Beck in Las Vegas: A Little Bit of Everything
Where’s my freaks at?” yelped Beck, pausing half an hour into his Las Vegas show to survey the darkness in which 1,100 fans sat at long, cafeteria-style tables. “We’re just tryin’ to adjust ourselves here,” he continued. “We’re not used to people sittin’ down. Usually Visigoths are gnawing on each other’s thighs out there. Blood is flowing. We have to hose ourselves down afterward.”

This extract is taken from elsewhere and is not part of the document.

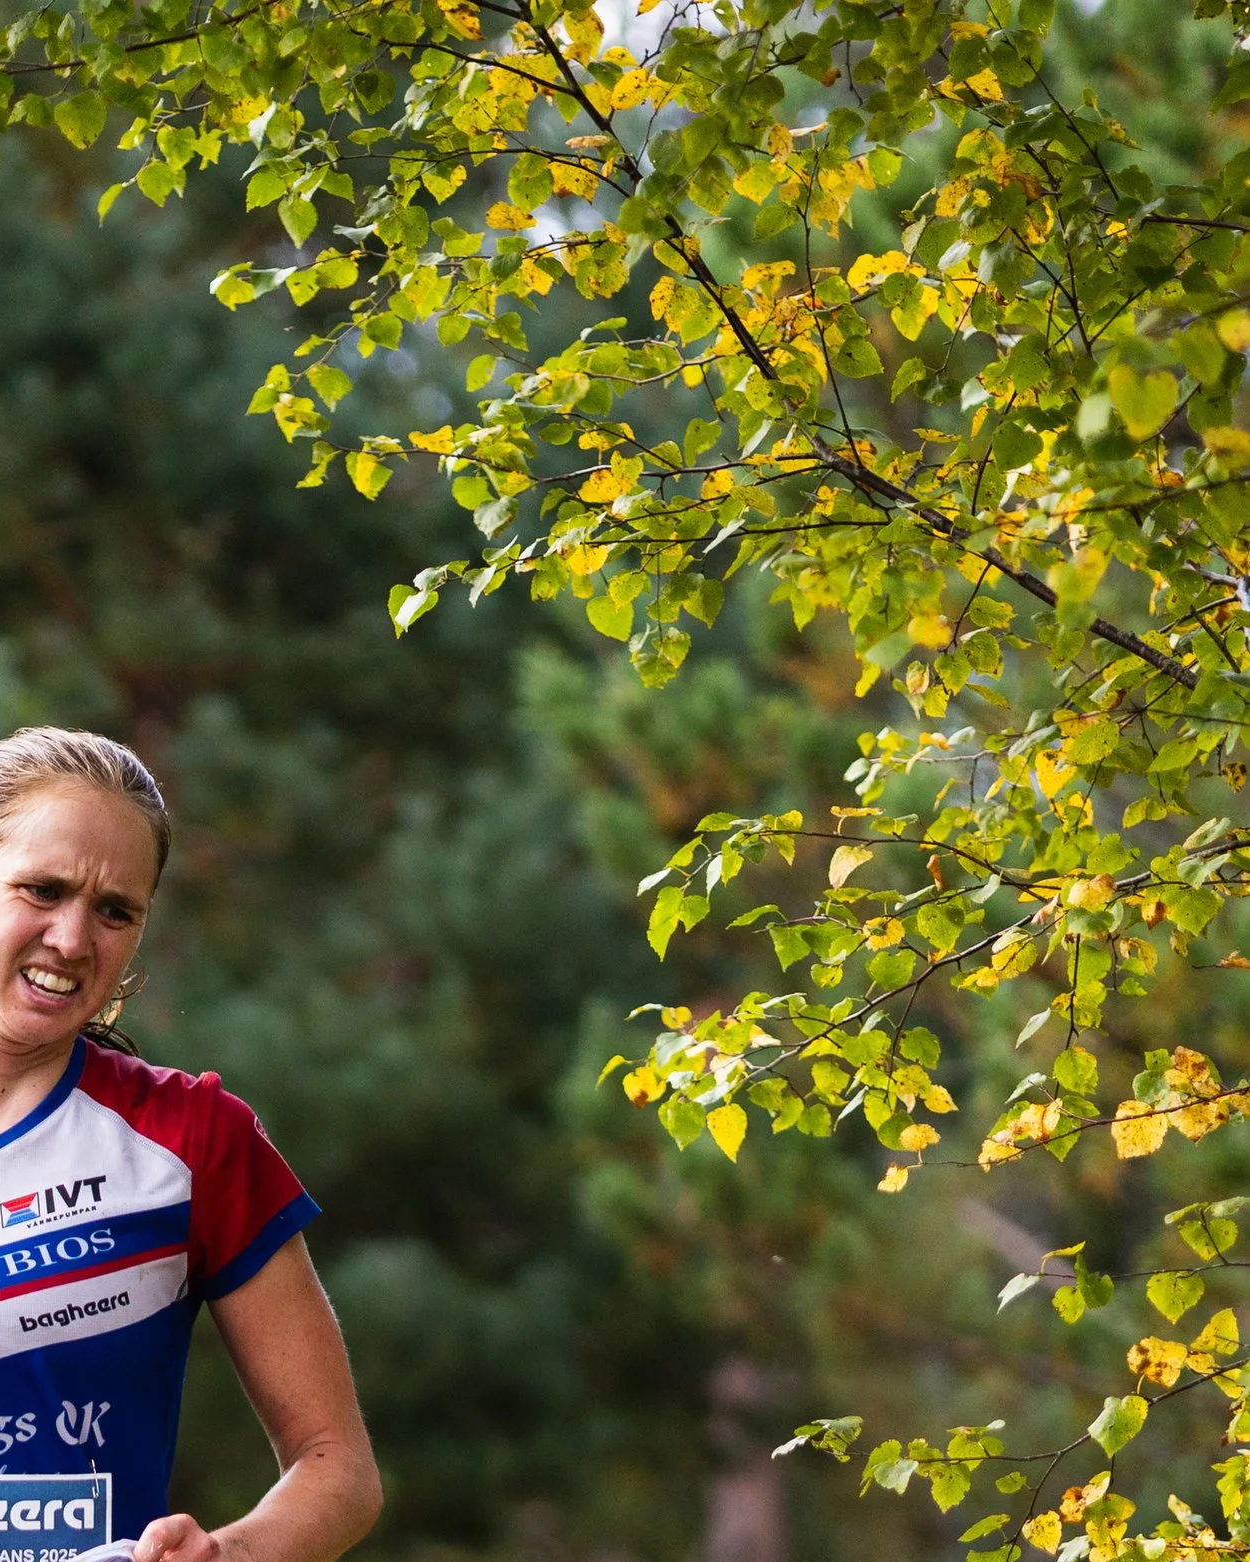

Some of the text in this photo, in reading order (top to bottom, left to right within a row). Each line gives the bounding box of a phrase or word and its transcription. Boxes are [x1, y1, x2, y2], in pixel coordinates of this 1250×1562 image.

Had Visigoths indeed arrived, no one in the Tropicana‘s soldout Tiffany Theater would have been surprised. Rumors about this much-anticipated show – a makeup date for a canceled January performance – had been running wild: Beck would do an all-Tropicália set, a heavy-metal set, a set to honor the boozy excesses of the Rat Pack or a set of all-new material from the album he’s currently working on.
In the end, he did none of these and a little of everything. Dressed in black save for the long white fringe dangling from his shirt sleeves, he swaggered onstage to “Novacane,” embellishing the song’s hip-hop stylings with hot hip swivels limber enough to spark squeals from women in the front row. He drawled through the indie pop of “Beercan,” shimmied to the warped samba of “Tropicalia” and danced the robot for the rump-pumping funk of “Hot-wax.” And on the somber “One Foot in the Grave,” he sang solo with his harmonica.

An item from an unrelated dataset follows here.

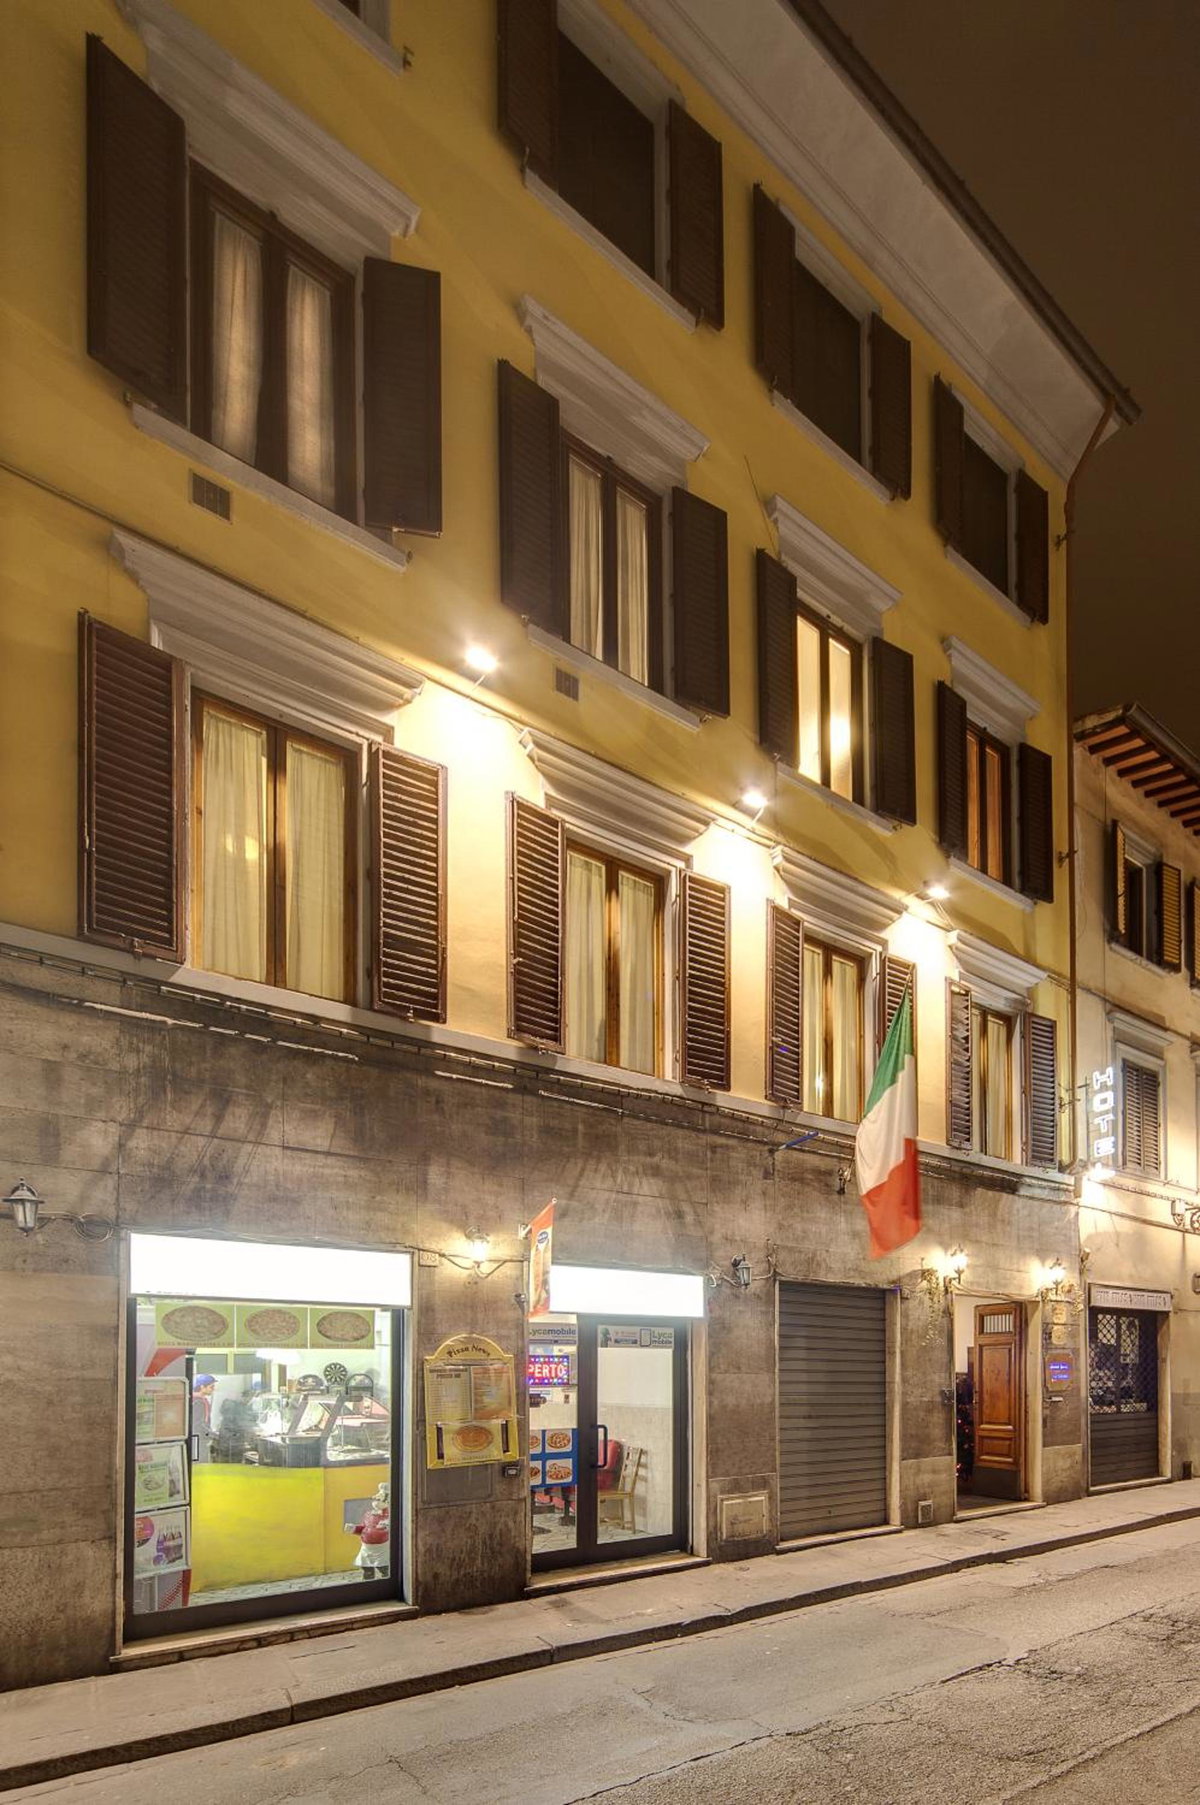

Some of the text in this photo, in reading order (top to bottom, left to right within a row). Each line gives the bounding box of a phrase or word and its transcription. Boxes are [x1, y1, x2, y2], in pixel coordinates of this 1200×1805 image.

[1093, 1067, 1115, 1179] HOTEL
[529, 1327, 576, 1337] ycamobile
[528, 1363, 565, 1378] PERTO

Beck’s backup band – augmented by a three-piece brass section – worked with its usual well-oiled ease, even pausing for a midset lounge-reggae jam of Musical Youth’s “Pass the Dutchie.” The Eighties kitsch continued in the encore, when Beck changed into a pink jumpsuit for an evangelical rendition of the synth-boogie hit “Electric Avenue.”
“People are gonna look at all this fringe and say we’ve gone Vegas,” he announced at one point. “But we’re like this all the time.” That’s the beauty of Beck. He doesn’t need to emulate the Rat Pack. He can out-Vegas Vegas all by his little self.
This story is from the June 24th, 1999 issue of Rolling Stone.